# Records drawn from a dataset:
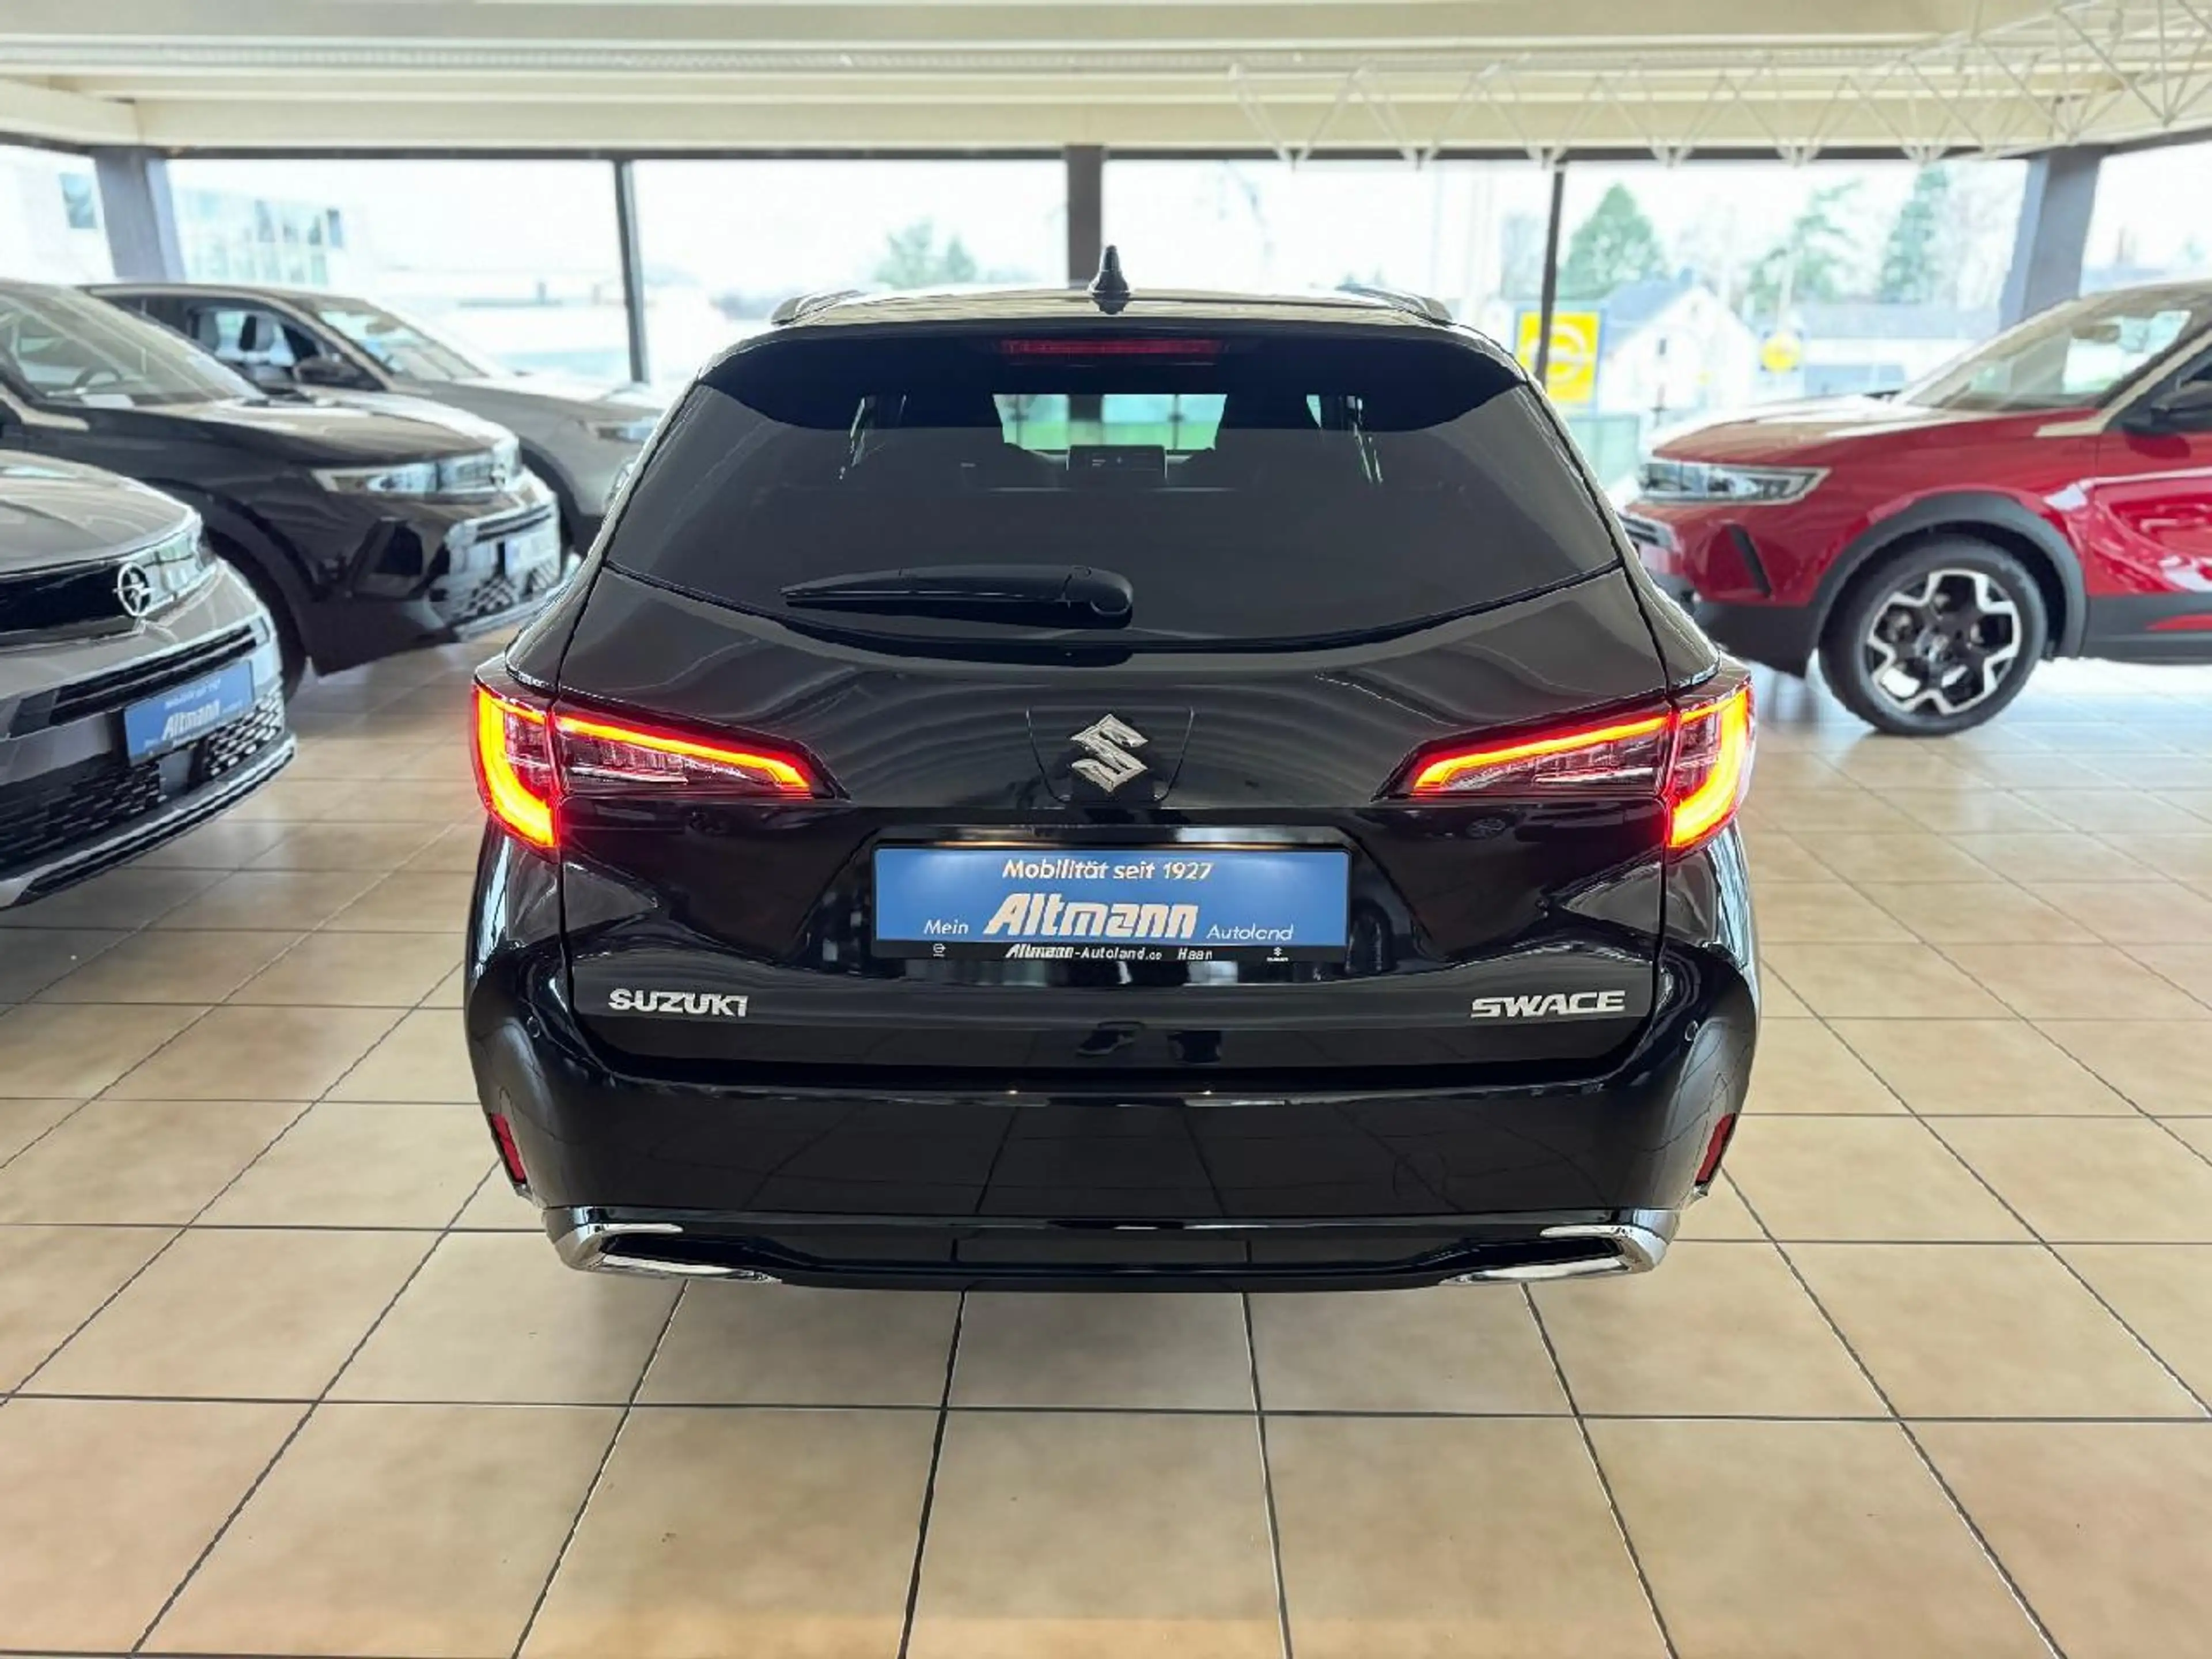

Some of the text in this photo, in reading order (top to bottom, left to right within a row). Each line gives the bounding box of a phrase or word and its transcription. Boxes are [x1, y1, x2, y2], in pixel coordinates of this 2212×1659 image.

[1002, 858, 1214, 880] Mobilität seit 1927
[982, 893, 1198, 938] Altmann
[923, 920, 969, 934] Mein
[1206, 923, 1294, 941] Autoland
[1177, 948, 1212, 961] Haan
[608, 988, 748, 1017] SUZUKI
[1471, 990, 1626, 1018] SWACE

# What you are asked to do:
Because only the text is wanted, copy each record above precisely and omit its pictures.

# Your solution:
Some of the text in this photo, in reading order (top to bottom, left to right within a row). Each line gives the bounding box of a phrase or word and its transcription. Boxes are [x1, y1, x2, y2], in pixel coordinates of this 2212×1659 image.

[1002, 858, 1214, 880] Mobilität seit 1927
[982, 893, 1198, 938] Altmann
[923, 920, 969, 934] Mein
[1206, 923, 1294, 941] Autoland
[1177, 948, 1212, 961] Haan
[608, 988, 748, 1017] SUZUKI
[1471, 990, 1626, 1018] SWACE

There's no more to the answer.